Thomas J. Lyons and Matthew J. Hegarty, Hall & Evans, L.L.C., Denver, Colorado;
for City of Lakewood; Michele Wagner; Todd Clifford; Todd Fahlsing,
Defendants-Appellees.
*
After examining the briefs and appellate record, this panel has determined
unanimously that oral argument would not materially assist in the determination of
this appeal. See Fed. R. App. P. 34(a)(2); 10th Cir. R. 34.1(G). The case is therefore
ordered submitted without oral argument.
Jonathan M. Abramson, Kissinger & Fellman, P.C., Denver, Colorado, for Michelle
Current, Defendant-Appellee.
_________________________________
Before BRISCOE, LUCERO, and McHUGH, Circuit Judges.
_________________________________
LUCERO, Circuit Judge.
_________________________________
LaTonya Davis, proceeding pro se, brought this action against four Lakewood
Police Department officers and the City of Lakewood (the “City”).

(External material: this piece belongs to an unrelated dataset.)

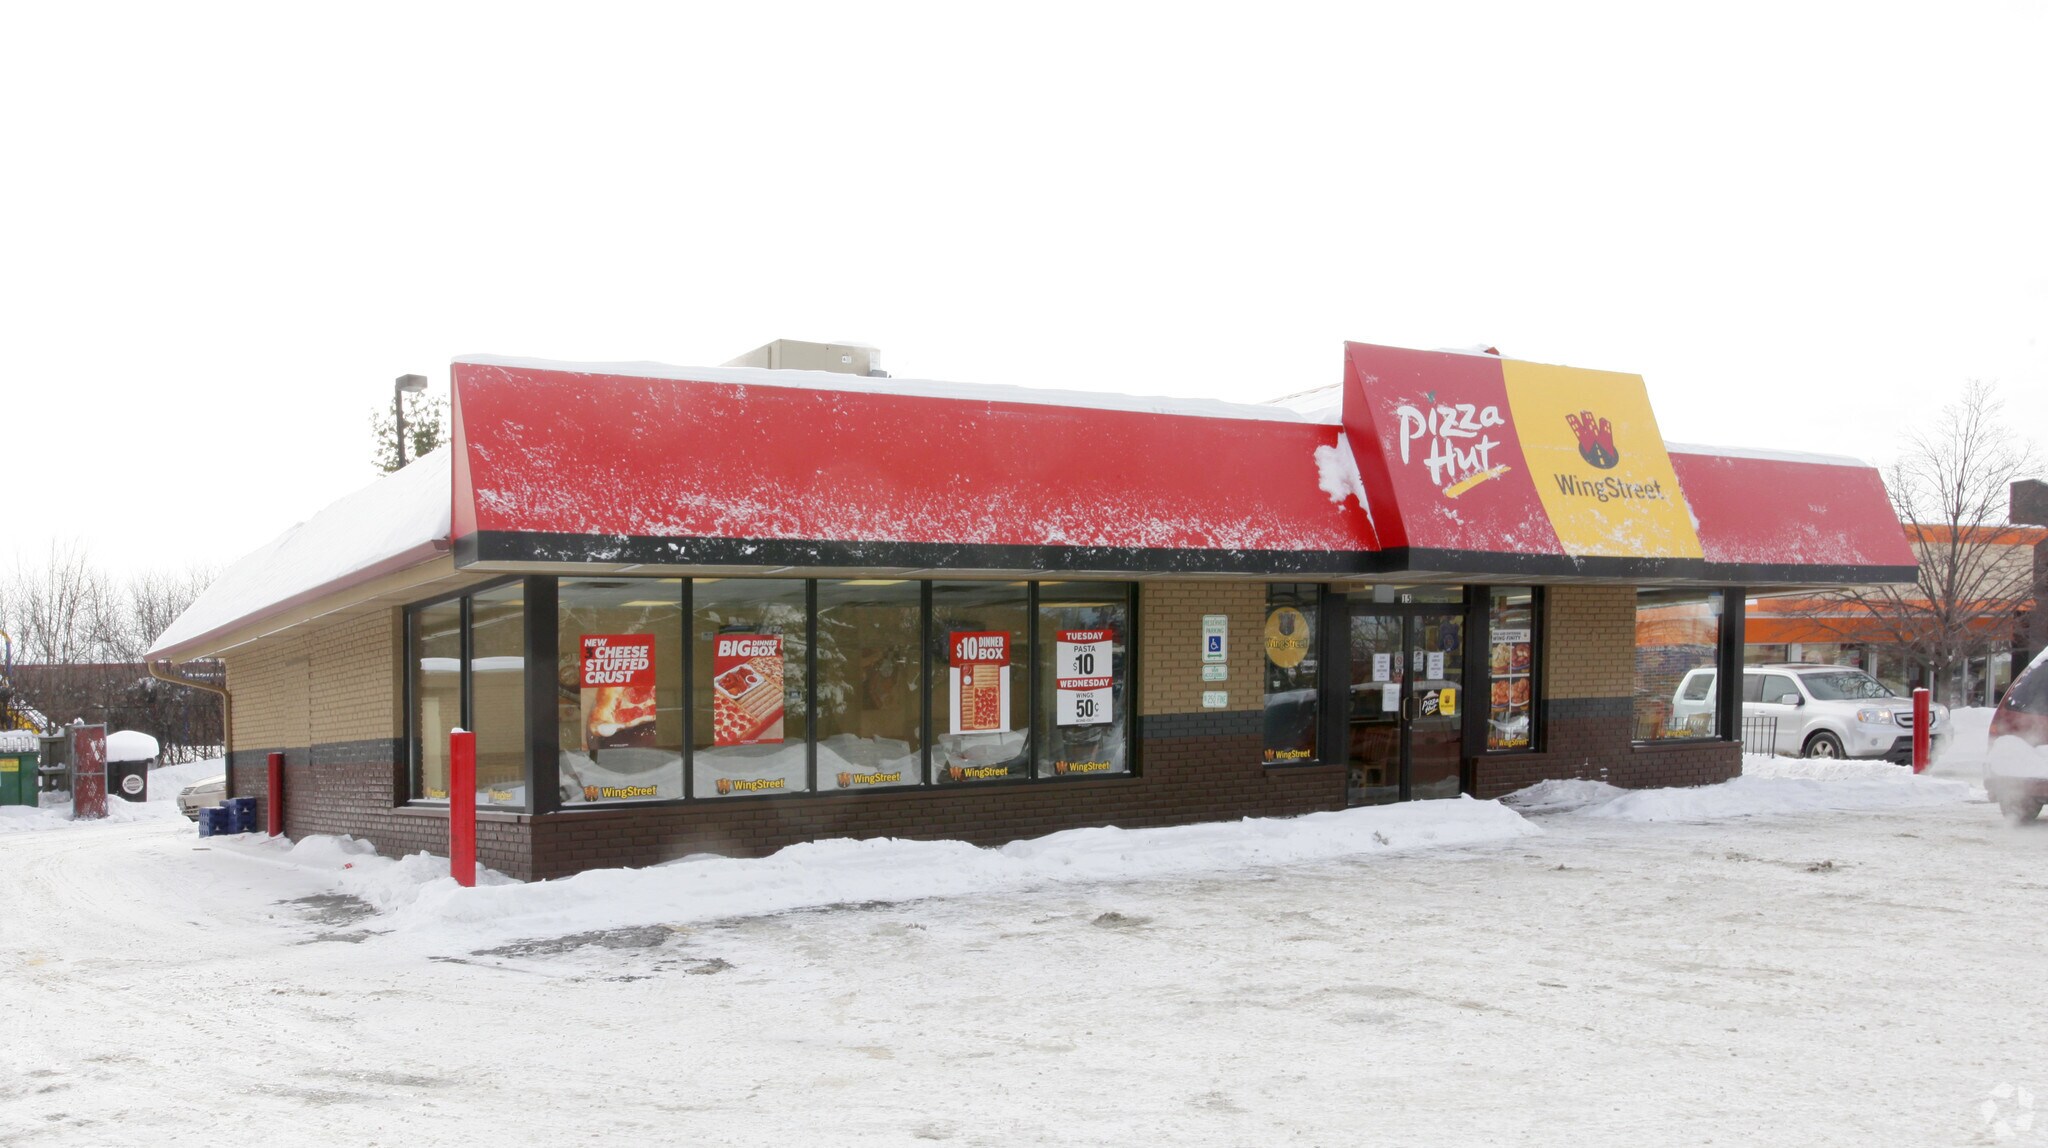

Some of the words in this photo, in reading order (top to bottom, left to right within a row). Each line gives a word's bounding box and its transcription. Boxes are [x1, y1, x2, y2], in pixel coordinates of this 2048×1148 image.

She alleges that
the officers used excessive force in arresting her for a misdemeanor offense. Upon
stopping Davis’ car, which had a license plate with a handicapped symbol, for driving
with a suspended license, Officer Todd Clifford called for additional assistance; several
police cars arrived and officers began pounding Davis’ car with their batons,
demanding she exit the vehicle. Fearing for her safety, Davis asked the officers for
assurances that they would not hurt her, and they responded by smashing her car
window, pulling her through the broken window by her hair and arms, and throwing
her on the glass-littered pavement. Davis also claims the City is culpable in failing to
properly train and supervise the officers. She appeals the district court’s grant of
summary judgment, which held the officers were entitled to qualified immunity and
the City was not liable.
Exercising jurisdiction under 28 U.S.C. § 1291, we affirm in part, reverse in
part, and remand for further proceedings. Specifically, we reverse the district court’s
grant of qualified immunity to two of the officers, Clifford and Sergeant Todd
Fahlsing. If proven, their alleged use of force against a misdemeanant who did not
2
pose an immediate threat to herself or others would be excessive under clearly
established law. We affirm as to all other defendants because Davis has waived any
challenge with respect to those defendants.
I
On review of summary judgment, we recite the facts in the light most
favorable to Davis, the non-moving party. See Howard v. Waide, 534 F.3d 1227,
1235 (10th Cir. 2008). Many of the material facts recited here are disputed.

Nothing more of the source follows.